Metadata-Version: 2.4
Name: das-layer
Version: 0.2.0
Summary: Contract-driven DAS-layer ingestion CLI built on dlt
License: MIT License
        
        Copyright (c) 2026 Mattias Thalén
        
        Permission is hereby granted, free of charge, to any person obtaining a copy
        of this software and associated documentation files (the "Software"), to deal
        in the Software without restriction, including without limitation the rights
        to use, copy, modify, merge, publish, distribute, sublicense, and/or sell
        copies of the Software, and to permit persons to whom the Software is
        furnished to do so, subject to the following conditions:
        
        The above copyright notice and this permission notice shall be included in all
        copies or substantial portions of the Software.
        
        THE SOFTWARE IS PROVIDED "AS IS", WITHOUT WARRANTY OF ANY KIND, EXPRESS OR
        IMPLIED, INCLUDING BUT NOT LIMITED TO THE WARRANTIES OF MERCHANTABILITY,
        FITNESS FOR A PARTICULAR PURPOSE AND NONINFRINGEMENT. IN NO EVENT SHALL THE
        AUTHORS OR COPYRIGHT HOLDERS BE LIABLE FOR ANY CLAIM, DAMAGES OR OTHER
        LIABILITY, WHETHER IN AN ACTION OF CONTRACT, TORT OR OTHERWISE, ARISING FROM,
        OUT OF OR IN CONNECTION WITH THE SOFTWARE OR THE USE OR OTHER DEALINGS IN THE
        SOFTWARE.
License-File: LICENSE
Classifier: Development Status :: 3 - Alpha
Classifier: Intended Audience :: Developers
Classifier: License :: OSI Approved :: MIT License
Classifier: Operating System :: OS Independent
Classifier: Programming Language :: Python :: 3
Classifier: Programming Language :: Python :: 3.12
Classifier: Programming Language :: Python :: 3.13
Classifier: Topic :: Database
Requires-Python: >=3.12
Requires-Dist: dlt[az,deltalake,duckdb,ducklake,filesystem,parquet,sql-database]>=1.6.1
Requires-Dist: jinja2>=3.1
Requires-Dist: pydantic>=2.7
Requires-Dist: pyodata>=1.10
Requires-Dist: pyyaml>=6.0
Requires-Dist: requests>=2.31
Requires-Dist: rich>=13.7
Requires-Dist: sqlalchemy>=2.0
Requires-Dist: typer>=0.12
Provides-Extra: excel
Requires-Dist: openpyxl>=3.1; extra == 'excel'
Provides-Extra: qvd
Requires-Dist: pyqvd>=2.3; extra == 'qvd'
Provides-Extra: xml
Requires-Dist: lxml>=5.2; extra == 'xml'
Description-Content-Type: text/markdown

# das-cli

Contract-driven ingestion for the raw→staging boundary, built on [dlt](https://dlthub.com/).
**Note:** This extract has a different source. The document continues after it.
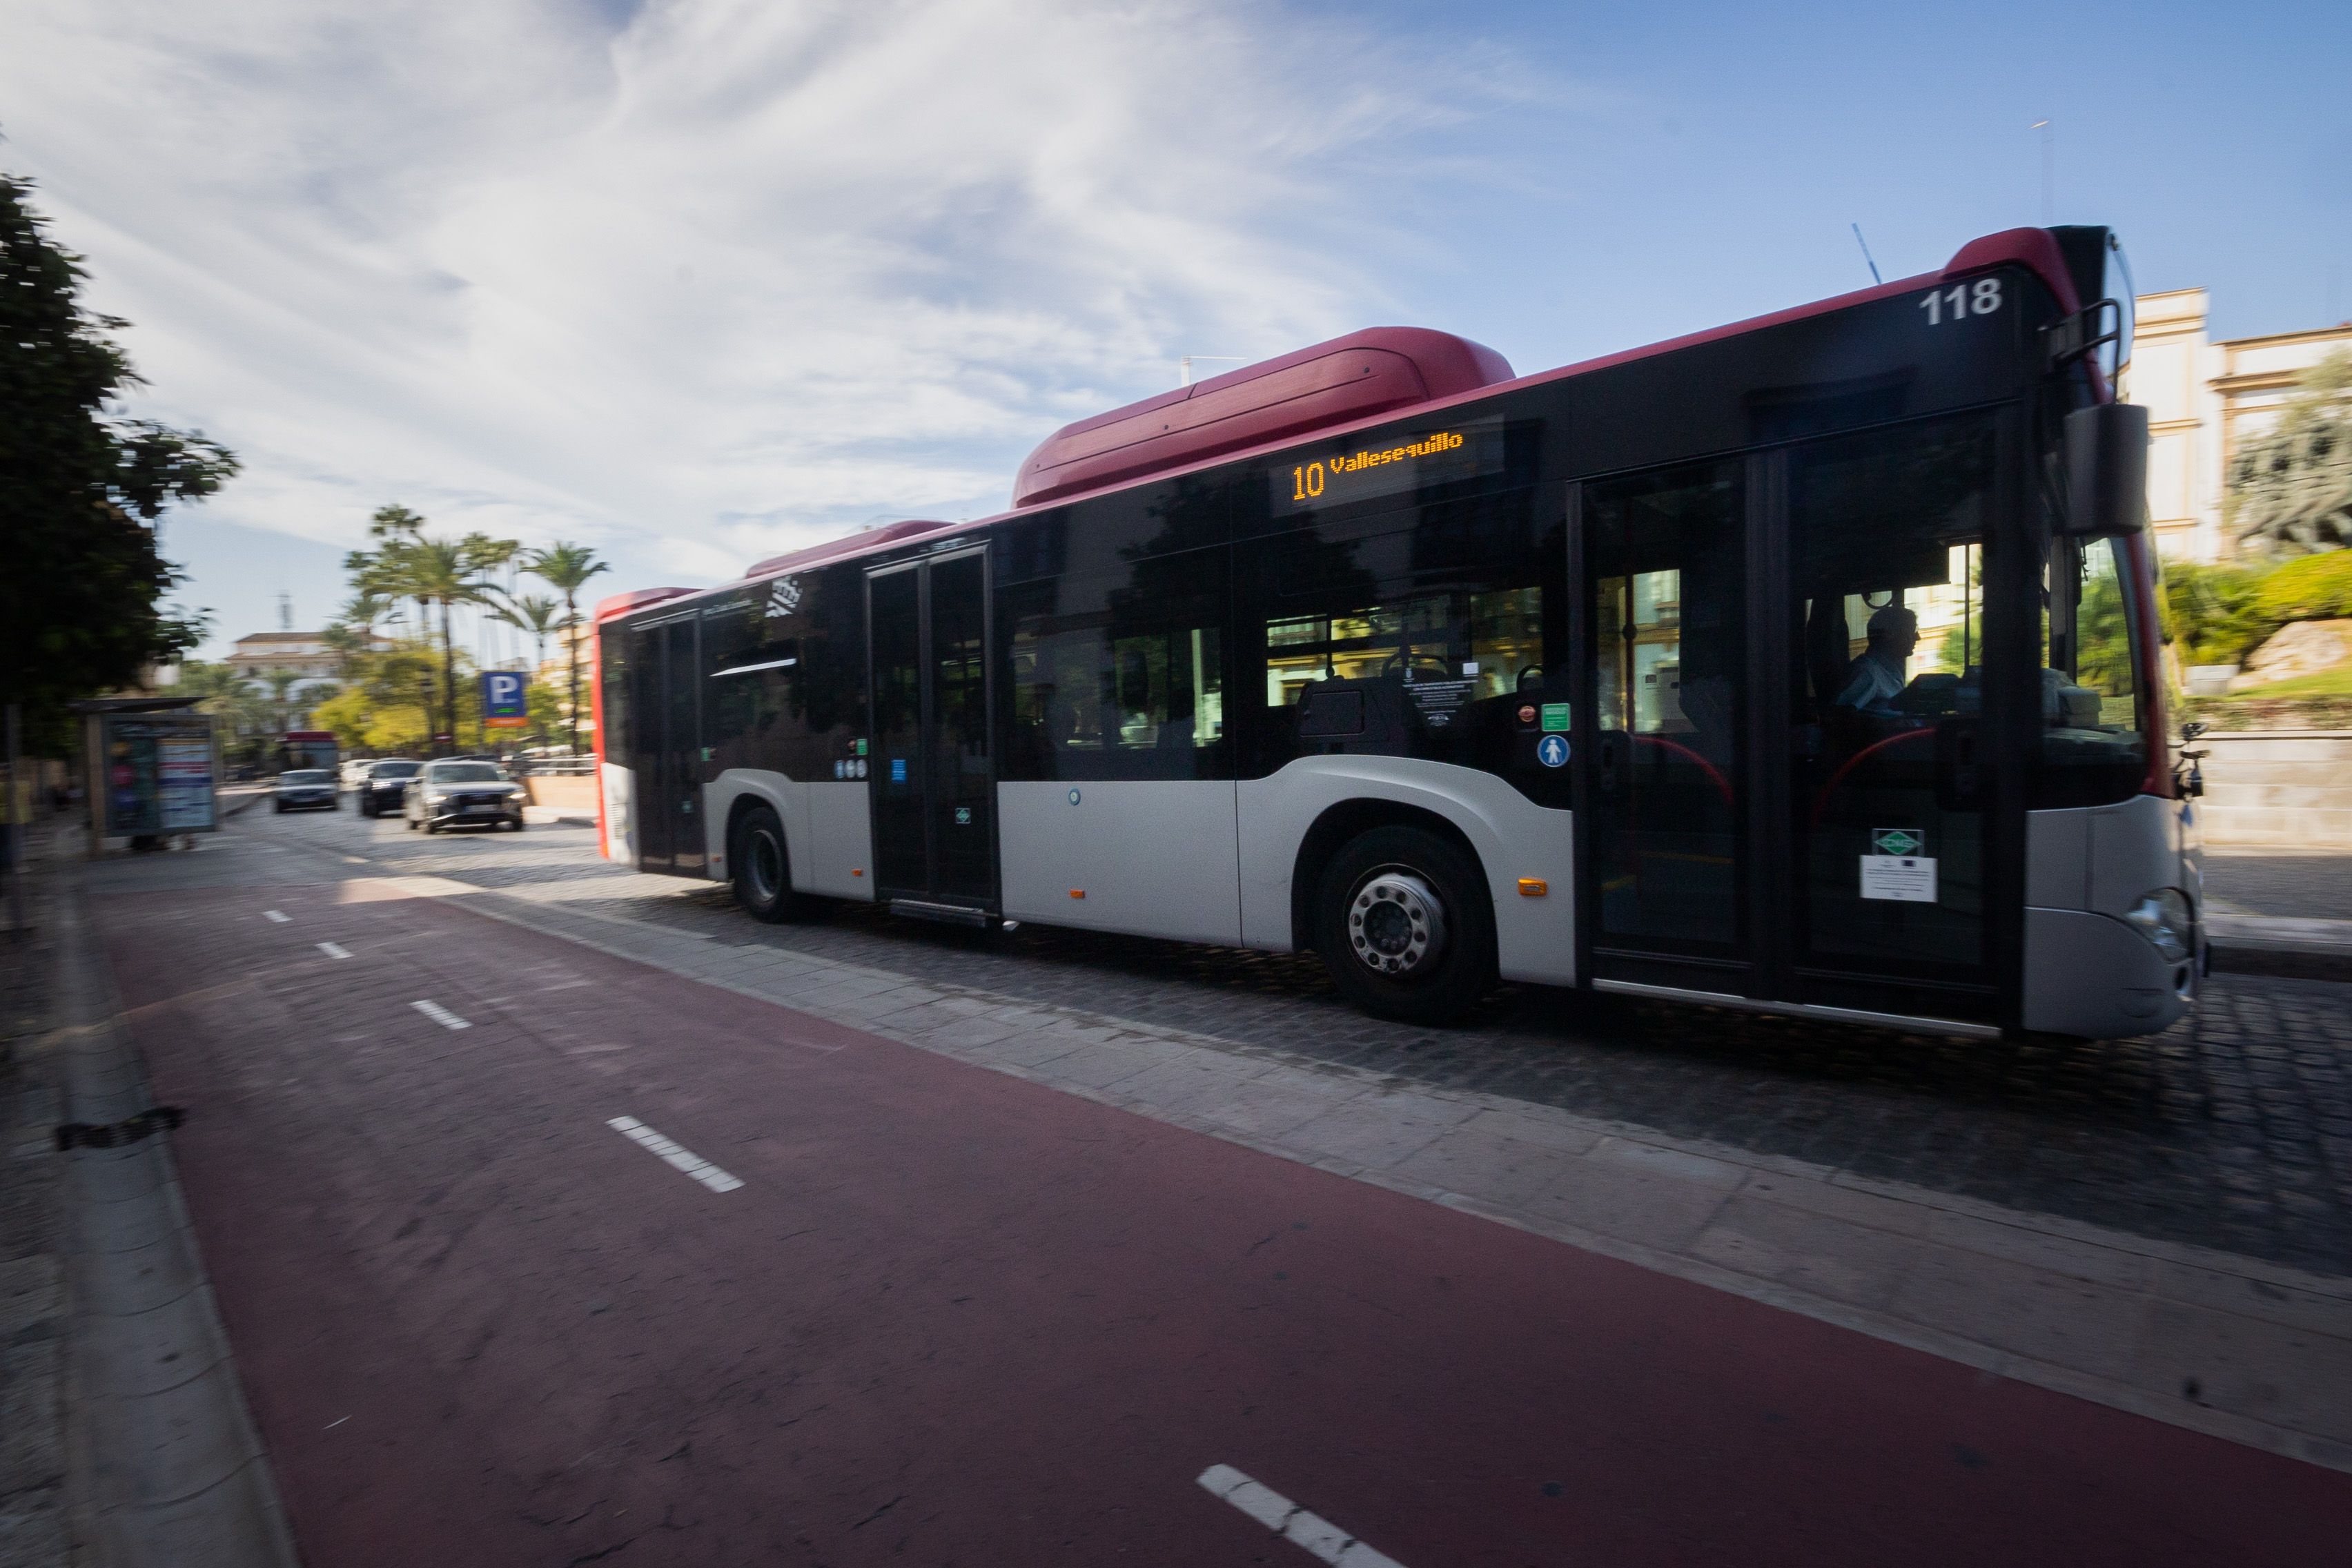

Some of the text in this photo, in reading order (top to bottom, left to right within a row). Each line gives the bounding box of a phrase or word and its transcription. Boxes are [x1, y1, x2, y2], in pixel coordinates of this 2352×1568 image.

[![PyPI version](https://img.shields.io/pypi/v/das-layer.svg?v=2)](https://pypi.org/project/das-layer/)
[![Python versions](https://img.shields.io/pypi/pyversions/das-layer.svg?v=2)](https://pypi.org/project/das-layer/)
[![CI](https://github.com/mattiasthalen/das-cli/actions/workflows/ci.yml/badge.svg)](https://github.com/mattiasthalen/das-cli/actions/workflows/ci.yml)
[![License](https://img.shields.io/github/license/mattiasthalen/das-cli.svg)](LICENSE)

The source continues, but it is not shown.